Exercise objective:
What you give back should match the listing word for word.

Records provided:
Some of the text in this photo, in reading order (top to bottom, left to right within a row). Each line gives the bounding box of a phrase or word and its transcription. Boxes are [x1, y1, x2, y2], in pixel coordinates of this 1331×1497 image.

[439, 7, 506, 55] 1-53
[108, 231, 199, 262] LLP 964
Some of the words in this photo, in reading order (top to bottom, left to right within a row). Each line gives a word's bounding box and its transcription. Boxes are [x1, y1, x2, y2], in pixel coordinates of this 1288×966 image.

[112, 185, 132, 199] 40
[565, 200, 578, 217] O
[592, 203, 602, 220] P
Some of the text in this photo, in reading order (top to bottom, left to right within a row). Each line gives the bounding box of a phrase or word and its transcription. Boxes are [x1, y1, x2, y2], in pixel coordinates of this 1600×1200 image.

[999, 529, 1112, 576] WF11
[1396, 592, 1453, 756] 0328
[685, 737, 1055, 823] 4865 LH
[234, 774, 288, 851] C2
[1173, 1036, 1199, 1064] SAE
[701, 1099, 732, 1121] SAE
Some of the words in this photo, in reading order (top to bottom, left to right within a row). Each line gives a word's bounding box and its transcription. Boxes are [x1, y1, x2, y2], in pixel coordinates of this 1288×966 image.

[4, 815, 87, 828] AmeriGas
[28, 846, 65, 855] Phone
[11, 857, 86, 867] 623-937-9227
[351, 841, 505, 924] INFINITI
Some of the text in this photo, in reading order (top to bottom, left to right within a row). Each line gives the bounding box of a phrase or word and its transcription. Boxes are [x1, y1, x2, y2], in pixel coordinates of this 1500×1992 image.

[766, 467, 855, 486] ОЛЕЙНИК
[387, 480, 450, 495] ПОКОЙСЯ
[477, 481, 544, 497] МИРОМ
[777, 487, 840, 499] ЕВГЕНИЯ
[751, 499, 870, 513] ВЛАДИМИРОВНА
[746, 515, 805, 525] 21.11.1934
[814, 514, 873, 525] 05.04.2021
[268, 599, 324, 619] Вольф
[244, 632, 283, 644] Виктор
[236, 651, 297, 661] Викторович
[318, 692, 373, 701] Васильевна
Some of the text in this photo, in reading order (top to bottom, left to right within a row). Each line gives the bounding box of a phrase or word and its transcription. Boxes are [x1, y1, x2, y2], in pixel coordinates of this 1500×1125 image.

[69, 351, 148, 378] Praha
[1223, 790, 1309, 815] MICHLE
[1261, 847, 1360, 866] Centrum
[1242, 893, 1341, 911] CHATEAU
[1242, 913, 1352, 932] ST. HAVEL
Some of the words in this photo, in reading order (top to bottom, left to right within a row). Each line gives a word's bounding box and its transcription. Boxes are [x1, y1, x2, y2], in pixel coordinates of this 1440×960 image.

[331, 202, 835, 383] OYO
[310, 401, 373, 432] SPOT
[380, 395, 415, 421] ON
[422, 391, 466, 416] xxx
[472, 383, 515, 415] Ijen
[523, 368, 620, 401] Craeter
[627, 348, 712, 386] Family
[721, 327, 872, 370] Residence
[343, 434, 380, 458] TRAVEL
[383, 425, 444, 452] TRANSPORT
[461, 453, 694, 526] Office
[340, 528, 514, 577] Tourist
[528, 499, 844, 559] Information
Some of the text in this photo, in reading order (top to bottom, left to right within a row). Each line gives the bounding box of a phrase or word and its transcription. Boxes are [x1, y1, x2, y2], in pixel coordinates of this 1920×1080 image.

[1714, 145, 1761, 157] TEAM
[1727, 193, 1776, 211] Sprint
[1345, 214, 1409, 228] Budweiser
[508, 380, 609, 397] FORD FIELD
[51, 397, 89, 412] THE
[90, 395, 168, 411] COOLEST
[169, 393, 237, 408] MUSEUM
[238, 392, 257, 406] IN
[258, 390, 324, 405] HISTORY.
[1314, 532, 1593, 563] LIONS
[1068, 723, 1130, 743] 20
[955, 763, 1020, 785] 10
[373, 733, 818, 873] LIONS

Response to the task:
Some of the text in this photo, in reading order (top to bottom, left to right within a row). Each line gives the bounding box of a phrase or word and its transcription. Boxes are [x1, y1, x2, y2], in pixel coordinates of this 1331×1497 image.

[439, 7, 506, 55] 1-53
[108, 231, 199, 262] LLP 964
Some of the words in this photo, in reading order (top to bottom, left to right within a row). Each line gives a word's bounding box and its transcription. Boxes are [x1, y1, x2, y2], in pixel coordinates of this 1288×966 image.

[112, 185, 132, 199] 40
[565, 200, 578, 217] O
[592, 203, 602, 220] P
Some of the text in this photo, in reading order (top to bottom, left to right within a row). Each line gives the bounding box of a phrase or word and its transcription. Boxes are [x1, y1, x2, y2], in pixel coordinates of this 1600×1200 image.

[999, 529, 1112, 576] WF11
[1396, 592, 1453, 756] 0328
[685, 737, 1055, 823] 4865 LH
[234, 774, 288, 851] C2
[1173, 1036, 1199, 1064] SAE
[701, 1099, 732, 1121] SAE
Some of the words in this photo, in reading order (top to bottom, left to right within a row). Each line gives a word's bounding box and its transcription. Boxes are [x1, y1, x2, y2], in pixel coordinates of this 1288×966 image.

[4, 815, 87, 828] AmeriGas
[28, 846, 65, 855] Phone
[11, 857, 86, 867] 623-937-9227
[351, 841, 505, 924] INFINITI
Some of the text in this photo, in reading order (top to bottom, left to right within a row). Each line gives the bounding box of a phrase or word and its transcription. Boxes are [x1, y1, x2, y2], in pixel coordinates of this 1500×1992 image.

[766, 467, 855, 486] ОЛЕЙНИК
[387, 480, 450, 495] ПОКОЙСЯ
[477, 481, 544, 497] МИРОМ
[777, 487, 840, 499] ЕВГЕНИЯ
[751, 499, 870, 513] ВЛАДИМИРОВНА
[746, 515, 805, 525] 21.11.1934
[814, 514, 873, 525] 05.04.2021
[268, 599, 324, 619] Вольф
[244, 632, 283, 644] Виктор
[236, 651, 297, 661] Викторович
[318, 692, 373, 701] Васильевна
Some of the text in this photo, in reading order (top to bottom, left to right within a row). Each line gives the bounding box of a phrase or word and its transcription. Boxes are [x1, y1, x2, y2], in pixel coordinates of this 1500×1125 image.

[69, 351, 148, 378] Praha
[1223, 790, 1309, 815] MICHLE
[1261, 847, 1360, 866] Centrum
[1242, 893, 1341, 911] CHATEAU
[1242, 913, 1352, 932] ST. HAVEL
Some of the words in this photo, in reading order (top to bottom, left to right within a row). Each line gives a word's bounding box and its transcription. Boxes are [x1, y1, x2, y2], in pixel coordinates of this 1440×960 image.

[331, 202, 835, 383] OYO
[310, 401, 373, 432] SPOT
[380, 395, 415, 421] ON
[422, 391, 466, 416] xxx
[472, 383, 515, 415] Ijen
[523, 368, 620, 401] Craeter
[627, 348, 712, 386] Family
[721, 327, 872, 370] Residence
[343, 434, 380, 458] TRAVEL
[383, 425, 444, 452] TRANSPORT
[461, 453, 694, 526] Office
[340, 528, 514, 577] Tourist
[528, 499, 844, 559] Information
Some of the text in this photo, in reading order (top to bottom, left to right within a row). Each line gives the bounding box of a phrase or word and its transcription. Boxes are [x1, y1, x2, y2], in pixel coordinates of this 1920×1080 image.

[1714, 145, 1761, 157] TEAM
[1727, 193, 1776, 211] Sprint
[1345, 214, 1409, 228] Budweiser
[508, 380, 609, 397] FORD FIELD
[51, 397, 89, 412] THE
[90, 395, 168, 411] COOLEST
[169, 393, 237, 408] MUSEUM
[238, 392, 257, 406] IN
[258, 390, 324, 405] HISTORY.
[1314, 532, 1593, 563] LIONS
[1068, 723, 1130, 743] 20
[955, 763, 1020, 785] 10
[373, 733, 818, 873] LIONS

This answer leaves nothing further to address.